#### What is needed:
The data is to be transcribed in full, with nothing missed.

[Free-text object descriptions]
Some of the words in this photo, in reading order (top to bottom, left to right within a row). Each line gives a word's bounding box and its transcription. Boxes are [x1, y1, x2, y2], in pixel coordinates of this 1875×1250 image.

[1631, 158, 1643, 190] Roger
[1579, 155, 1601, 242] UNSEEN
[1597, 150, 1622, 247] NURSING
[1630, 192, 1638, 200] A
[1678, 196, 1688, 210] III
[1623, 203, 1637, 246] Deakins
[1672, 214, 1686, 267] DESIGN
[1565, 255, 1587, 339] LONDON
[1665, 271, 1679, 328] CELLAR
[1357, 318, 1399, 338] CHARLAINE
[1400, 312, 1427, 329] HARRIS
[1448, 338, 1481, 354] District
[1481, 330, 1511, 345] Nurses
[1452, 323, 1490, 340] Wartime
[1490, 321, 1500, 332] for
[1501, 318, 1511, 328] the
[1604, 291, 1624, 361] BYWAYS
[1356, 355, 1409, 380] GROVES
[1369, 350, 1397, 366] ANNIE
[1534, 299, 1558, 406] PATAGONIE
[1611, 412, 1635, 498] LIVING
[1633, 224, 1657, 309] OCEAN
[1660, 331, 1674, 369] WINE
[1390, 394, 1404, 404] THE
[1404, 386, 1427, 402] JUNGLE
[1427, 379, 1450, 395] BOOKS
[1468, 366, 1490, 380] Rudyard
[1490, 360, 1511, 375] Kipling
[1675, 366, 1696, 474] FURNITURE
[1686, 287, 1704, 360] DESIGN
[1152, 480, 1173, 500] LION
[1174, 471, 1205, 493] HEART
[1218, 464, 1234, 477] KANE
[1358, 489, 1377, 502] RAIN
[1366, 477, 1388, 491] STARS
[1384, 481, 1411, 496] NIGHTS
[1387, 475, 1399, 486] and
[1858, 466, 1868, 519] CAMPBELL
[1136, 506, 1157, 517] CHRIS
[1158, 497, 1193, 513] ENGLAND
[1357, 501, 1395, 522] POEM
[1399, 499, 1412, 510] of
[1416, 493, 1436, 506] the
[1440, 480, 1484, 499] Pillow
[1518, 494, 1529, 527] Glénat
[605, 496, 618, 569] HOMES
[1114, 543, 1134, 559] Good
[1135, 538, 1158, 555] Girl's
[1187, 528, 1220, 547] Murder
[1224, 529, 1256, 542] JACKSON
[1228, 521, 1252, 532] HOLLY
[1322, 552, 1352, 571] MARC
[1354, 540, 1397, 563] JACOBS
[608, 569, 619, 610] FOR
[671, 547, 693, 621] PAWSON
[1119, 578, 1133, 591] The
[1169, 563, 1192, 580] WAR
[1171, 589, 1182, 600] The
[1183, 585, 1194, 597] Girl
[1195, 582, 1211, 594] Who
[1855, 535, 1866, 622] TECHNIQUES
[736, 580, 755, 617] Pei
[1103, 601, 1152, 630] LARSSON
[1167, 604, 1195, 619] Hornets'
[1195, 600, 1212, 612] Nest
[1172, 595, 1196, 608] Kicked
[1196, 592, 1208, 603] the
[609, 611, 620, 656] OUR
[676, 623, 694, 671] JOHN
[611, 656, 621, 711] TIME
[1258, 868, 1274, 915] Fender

#### Answer for this exercise:
Some of the words in this photo, in reading order (top to bottom, left to right within a row). Each line gives a word's bounding box and its transcription. Boxes are [x1, y1, x2, y2], in pixel coordinates of this 1875×1250 image.

[1631, 158, 1643, 190] Roger
[1579, 155, 1601, 242] UNSEEN
[1597, 150, 1622, 247] NURSING
[1630, 192, 1638, 200] A
[1678, 196, 1688, 210] III
[1623, 203, 1637, 246] Deakins
[1672, 214, 1686, 267] DESIGN
[1565, 255, 1587, 339] LONDON
[1665, 271, 1679, 328] CELLAR
[1357, 318, 1399, 338] CHARLAINE
[1400, 312, 1427, 329] HARRIS
[1448, 338, 1481, 354] District
[1481, 330, 1511, 345] Nurses
[1452, 323, 1490, 340] Wartime
[1490, 321, 1500, 332] for
[1501, 318, 1511, 328] the
[1604, 291, 1624, 361] BYWAYS
[1356, 355, 1409, 380] GROVES
[1369, 350, 1397, 366] ANNIE
[1534, 299, 1558, 406] PATAGONIE
[1611, 412, 1635, 498] LIVING
[1633, 224, 1657, 309] OCEAN
[1660, 331, 1674, 369] WINE
[1390, 394, 1404, 404] THE
[1404, 386, 1427, 402] JUNGLE
[1427, 379, 1450, 395] BOOKS
[1468, 366, 1490, 380] Rudyard
[1490, 360, 1511, 375] Kipling
[1675, 366, 1696, 474] FURNITURE
[1686, 287, 1704, 360] DESIGN
[1152, 480, 1173, 500] LION
[1174, 471, 1205, 493] HEART
[1218, 464, 1234, 477] KANE
[1358, 489, 1377, 502] RAIN
[1366, 477, 1388, 491] STARS
[1384, 481, 1411, 496] NIGHTS
[1387, 475, 1399, 486] and
[1858, 466, 1868, 519] CAMPBELL
[1136, 506, 1157, 517] CHRIS
[1158, 497, 1193, 513] ENGLAND
[1357, 501, 1395, 522] POEM
[1399, 499, 1412, 510] of
[1416, 493, 1436, 506] the
[1440, 480, 1484, 499] Pillow
[1518, 494, 1529, 527] Glénat
[605, 496, 618, 569] HOMES
[1114, 543, 1134, 559] Good
[1135, 538, 1158, 555] Girl's
[1187, 528, 1220, 547] Murder
[1224, 529, 1256, 542] JACKSON
[1228, 521, 1252, 532] HOLLY
[1322, 552, 1352, 571] MARC
[1354, 540, 1397, 563] JACOBS
[608, 569, 619, 610] FOR
[671, 547, 693, 621] PAWSON
[1119, 578, 1133, 591] The
[1169, 563, 1192, 580] WAR
[1171, 589, 1182, 600] The
[1183, 585, 1194, 597] Girl
[1195, 582, 1211, 594] Who
[1855, 535, 1866, 622] TECHNIQUES
[736, 580, 755, 617] Pei
[1103, 601, 1152, 630] LARSSON
[1167, 604, 1195, 619] Hornets'
[1195, 600, 1212, 612] Nest
[1172, 595, 1196, 608] Kicked
[1196, 592, 1208, 603] the
[609, 611, 620, 656] OUR
[676, 623, 694, 671] JOHN
[611, 656, 621, 711] TIME
[1258, 868, 1274, 915] Fender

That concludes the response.